The humoral immune response is directed by B lymphocytes (B cells) differentiating into plasma cells which produce antibodies. The B cell develops through several stages. A B cell begins as a progenitor cell, then progresses to a pro-B cell and finally a pre-B cell. At this point, it leaves the bone marrow to mature in the lymph nodes and spleen where it becomes exposed to the pathogenic environment. As it matures, it develops three surface receptors – Blys, TACI and the B-cell receptor (BCR). When these receptors are bound, the cell matures and continues to exist. Failure to bind these receptors results in apoptosis or programmed cell death. This has become a recent important discovery since Benlysta, a new drug for the treatment of lupus, works by inhibiting Blys, the cell surface receptor.

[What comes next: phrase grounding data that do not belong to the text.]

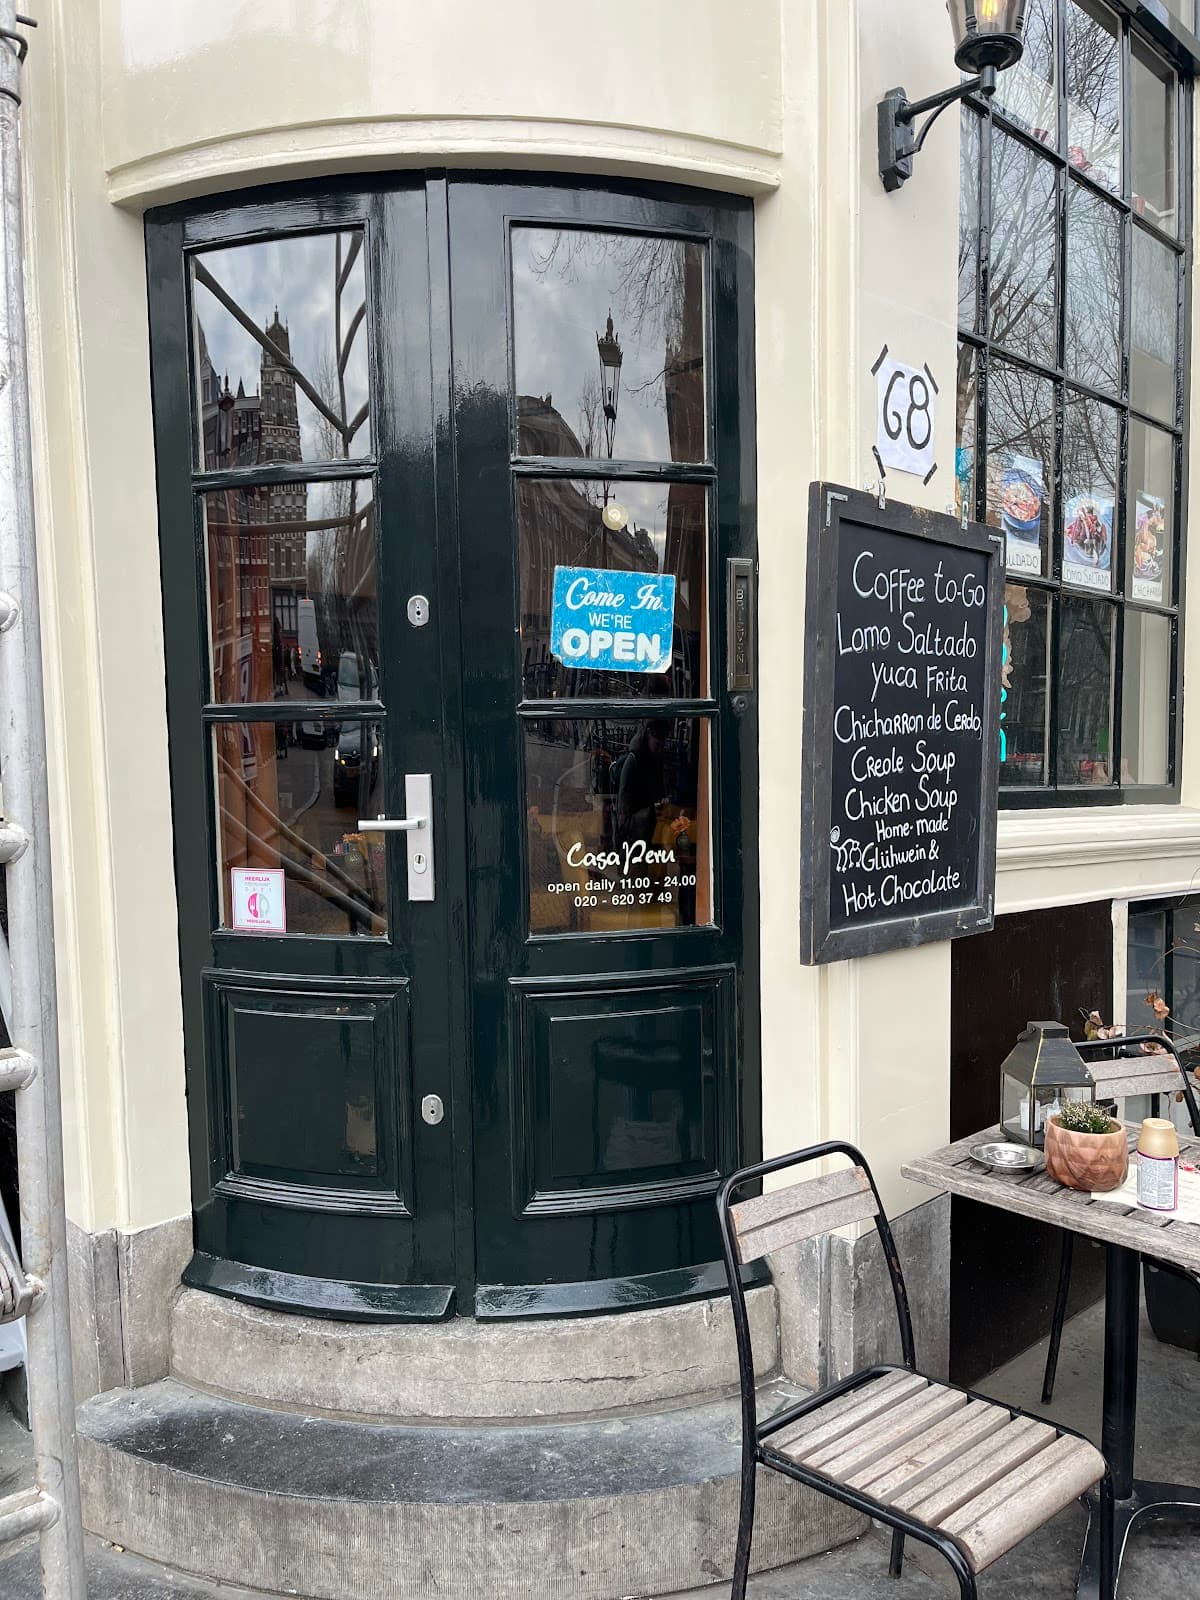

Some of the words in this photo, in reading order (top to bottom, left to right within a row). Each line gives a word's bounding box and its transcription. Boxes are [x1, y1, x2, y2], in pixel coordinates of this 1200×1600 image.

[882, 370, 932, 450] 68
[565, 577, 626, 611] Come
[631, 584, 670, 611] In
[588, 613, 633, 630] WE'RE
[837, 612, 892, 656] Lomo
[897, 611, 977, 658] Saltado
[562, 628, 662, 662] OPEN
[926, 703, 942, 732] de
[851, 746, 904, 782] Creole
[911, 739, 956, 784] Soup
[844, 785, 910, 821] Chicken
[915, 774, 958, 819] Soup
[916, 812, 949, 833] made
[566, 841, 621, 870] Casa
[622, 839, 676, 875] Peru
[928, 838, 940, 861] &
[547, 882, 581, 895] open
[584, 878, 616, 893] daily
[619, 876, 651, 890] 11.00
[663, 874, 697, 888] 24.00
[574, 896, 598, 908] 020
[611, 894, 635, 907] 620
[638, 892, 654, 905] 37
[657, 891, 674, 904] 49

These immunoglobulins are a hallmark of our defense system. We’re aware that deficiencies in any one of them or their subtypes results in the development of recurrent infections. Specific types of intravenous and subcutaneous gammaglobulin are available for those deficiency states. Memory B cells are formed from activated B cells that are specific to the antigen encountered during the primary immune response. These cells are capable of living “a long time” and can respond quickly following a second exposure to the same antigen.
B-1 cells and B-2 cells, B-1 cells express high levels of IgM greater than IgG and
are polyspecific – meaning that they have the ability to produce low-level response to many antigens.
Unlike the T cell, the B cell does not need the antigen presented to it. It recognizes the antigen in the blood or lymphatic system and engulfs it. It can then act as an antigen-presenting cell itself by displaying its antigen bound to its unique MHC on the cell surface allowing a T-cell to bind to it. Through a co-stimulatory mechanism necessitating a second binding site to be activated, cytokines can then be released. The cytokines released by that T-cell further propagate the B cell into its mature state, producing plasma cells and more immunoglobulin. Antibodies bind to their specific antigens forming immune-complexes. These complexes are then “cleaved” by the complement system and eliminated through the reticuloendothelial system.
Autoimmune diseases result from aberrant antibody production. These autoantibodies are actually produced on a regular basis by all individuals. Fortunately, more than 90 percent of them undergo spontaneous apoptosis and never progress. Anti-B cell medications predominantly work by interfering with the B cell during its maturation. Examples of these medications are being utilized in both oncology and rheumatology.
A baby’s immune defenses are passively transferred from the mother at birth. The baby’s own immune defenses take approximately three months to begin to function.